Parasite’s big win was truly a case of “right place right time.” In any other year, Parasite would not have been the same mega-hit it is now. Critical darling? Absolutely. But Hollywood infiltrator? Less likely. Foreign films are rarely even nominated in the Best Picture category, and when they are (Babel in 2006, Amour in 2012), typically they have always felt, for lack of a better term, token. They are never expected to win, simply put there by the Academy in a perfunctory effort to appear diverse. There are exceptions of course, like Ang Lee’s Crouching Tiger, Hidden Dragon in 2000 and more recently 2018’s Roma. In fact, Roma in many ways felt even more “right place right time” than Parasite; a film about a lower-class Mexican woman nannying an upper class family’s children spoke volumes to the dominantly liberal Academy living in Trump’s America. But in typical fashion, it was scooped by Green Book, a white savior narrative. Parasite was the Academy’s chance at redemption, and they took it. It felt anything other than token. In contrast to many foreign films nominated in non-foreign film categories over the years (particularly after the turn of the century), instead of feeling deserving but unassuming, Parasite felt both deserving and expected.

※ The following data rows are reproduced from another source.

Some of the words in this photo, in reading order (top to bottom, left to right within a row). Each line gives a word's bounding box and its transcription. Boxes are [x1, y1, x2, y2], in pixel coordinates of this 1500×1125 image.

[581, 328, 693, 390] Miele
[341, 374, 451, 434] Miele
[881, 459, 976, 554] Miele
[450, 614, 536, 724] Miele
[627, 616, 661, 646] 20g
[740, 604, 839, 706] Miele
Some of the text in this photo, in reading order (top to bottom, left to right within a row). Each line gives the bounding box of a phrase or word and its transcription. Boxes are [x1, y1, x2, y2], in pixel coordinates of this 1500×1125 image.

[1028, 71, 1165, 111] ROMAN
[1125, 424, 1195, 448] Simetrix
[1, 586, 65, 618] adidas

What made it the right time for Parasite then? For one it is expertly crafted: production meticulously shopped around for the perfect lot to build that now iconic picturesque house from scratch, making sure they found a space that was the ideal grounds for their vision. Shots were carefully set up to accentuate the sometimes literal lines between classes; natural light was tamed with precision; the writing and acting was stellar and sharp; everyone was asking what “ram-don” was and chanting “Jessica, only child, Illinois, Chicago.”
But none of this sets Parasite particularly far apart from its competition (1917 after all was impressively made to look like a single, continuous shot.) What made Parasite “right place right time” was that it spoke particularly to Americans in 2019 in ways other foreign films haven’t. It has never been more apparent than in the last half decade the role of capitalism and classism (along with plenty other less than desirable -isms). The 99% in America doesn’t trust the rich anymore. The greedy corporate suits of the US’s corporations are the villains that we love to hate but sucker up to in the hopes of maybe being like them one day. Parasite emulates that sentiment beautifully, with a satirical edge that made all the difference. To attack classism head on, even in the context of a different nation, is to appeal to modern America.

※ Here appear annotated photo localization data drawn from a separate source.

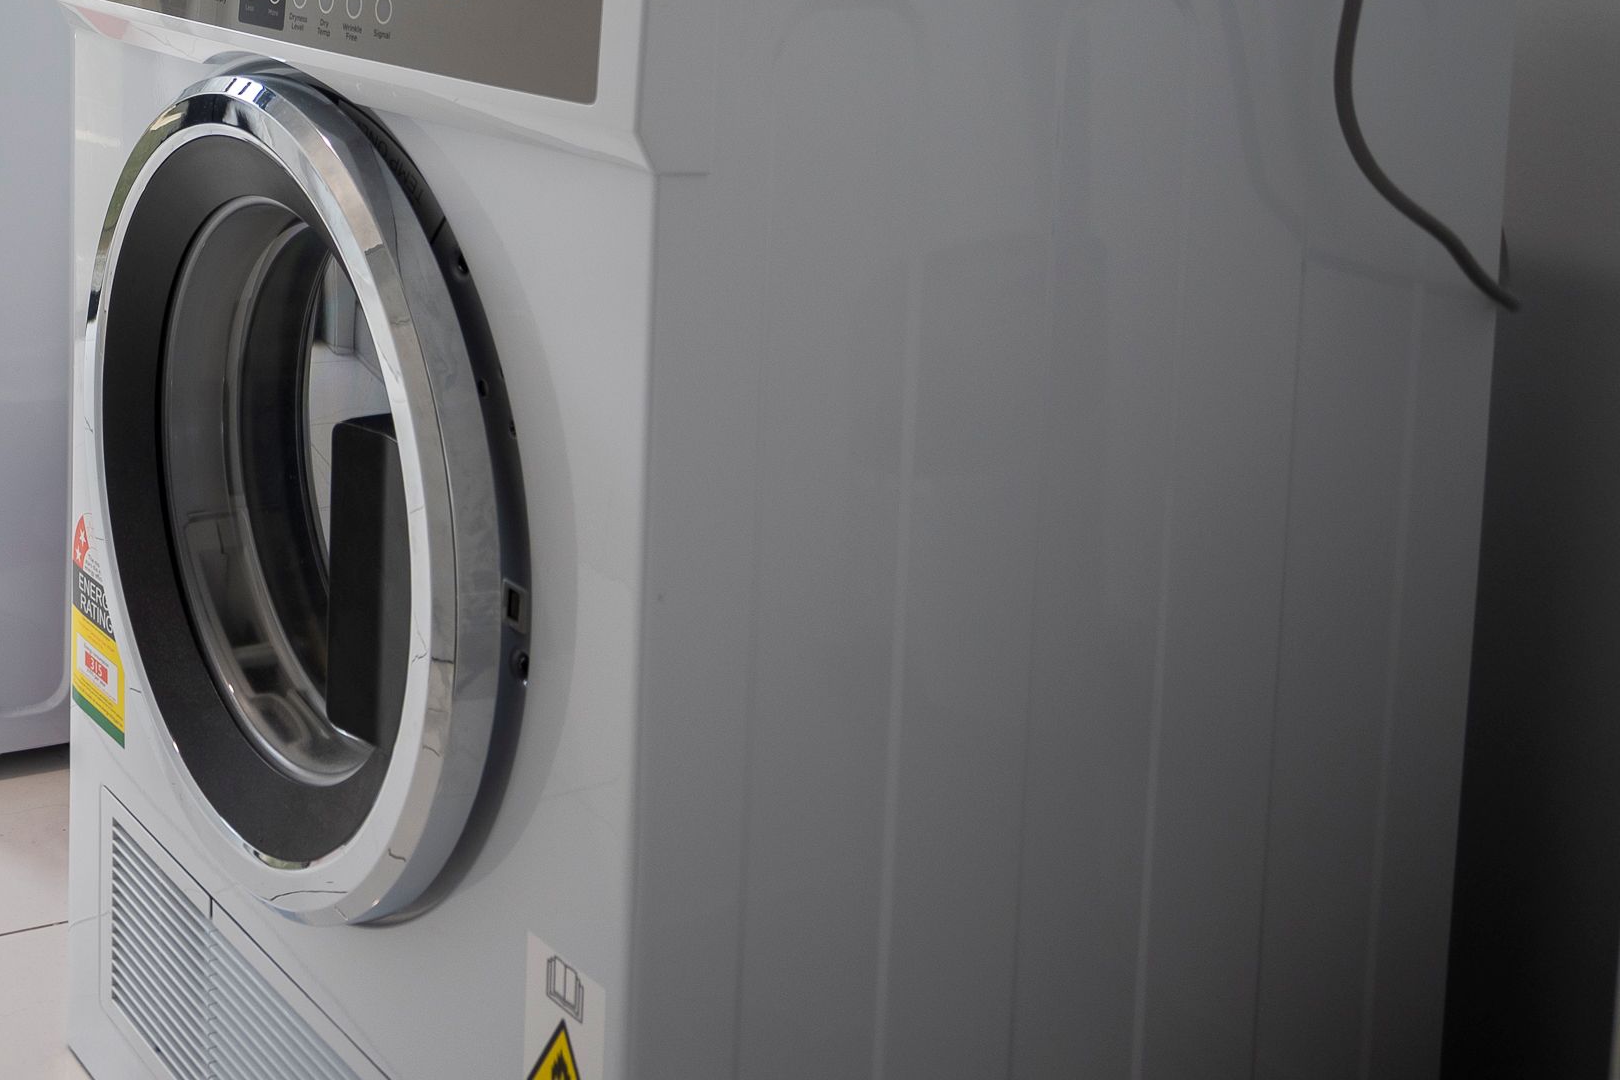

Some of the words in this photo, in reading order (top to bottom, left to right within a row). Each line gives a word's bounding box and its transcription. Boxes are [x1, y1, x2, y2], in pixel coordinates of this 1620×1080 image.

[289, 12, 307, 22] Dryness
[292, 22, 304, 31] Level
[320, 18, 329, 28] Dry
[318, 27, 330, 37] Temp
[343, 23, 362, 34] Wrinkle
[346, 32, 357, 42] Free
[373, 29, 390, 40] Signal
[79, 572, 110, 610] ENERG
[81, 593, 113, 634] RATING
[90, 658, 103, 676] 315
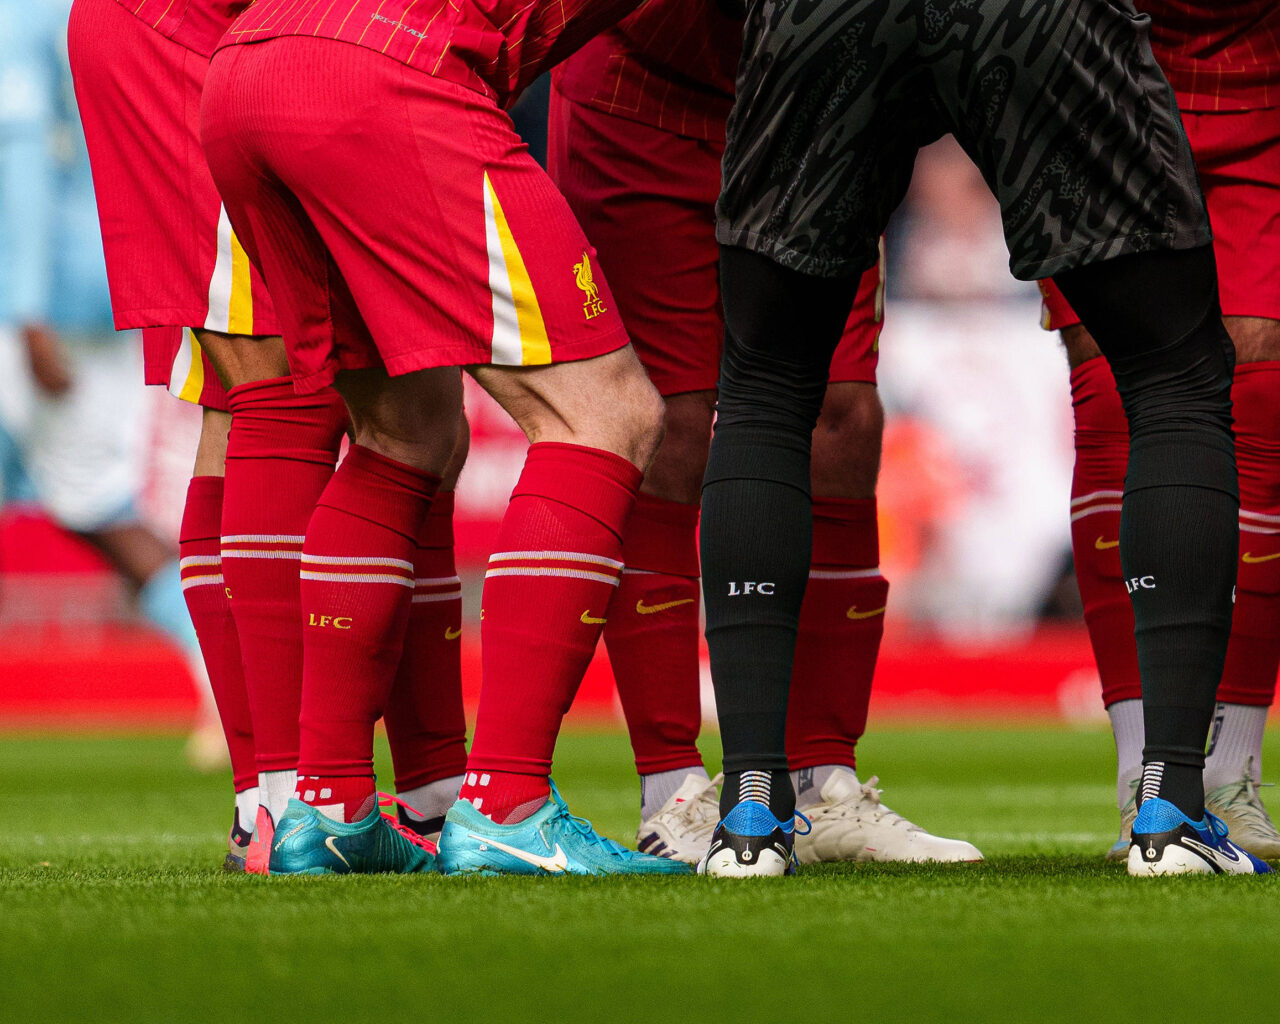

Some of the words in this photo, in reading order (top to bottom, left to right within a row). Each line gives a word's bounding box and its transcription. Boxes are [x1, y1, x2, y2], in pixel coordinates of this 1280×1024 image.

[728, 580, 775, 597] LFC
[1125, 575, 1156, 594] LFC
[308, 613, 353, 629] LFC

In many ways Parasite’s plot emulates it’s path as a film. Just as the lower class Kim family were able to infiltrate their way into the home and pockets of the wealthy Parks, so too did Bong Joon-ho and company wriggle their way into the minds, hearts, and yes, pockets of the Hollywood elite. And that is what makes Parasite not only a heartwarming underdog story, but a true American one. Bong Joon-ho took to heart the teachings of his film school idol Martin Scorsese and created an American tale (of sorts) when we were craving it most.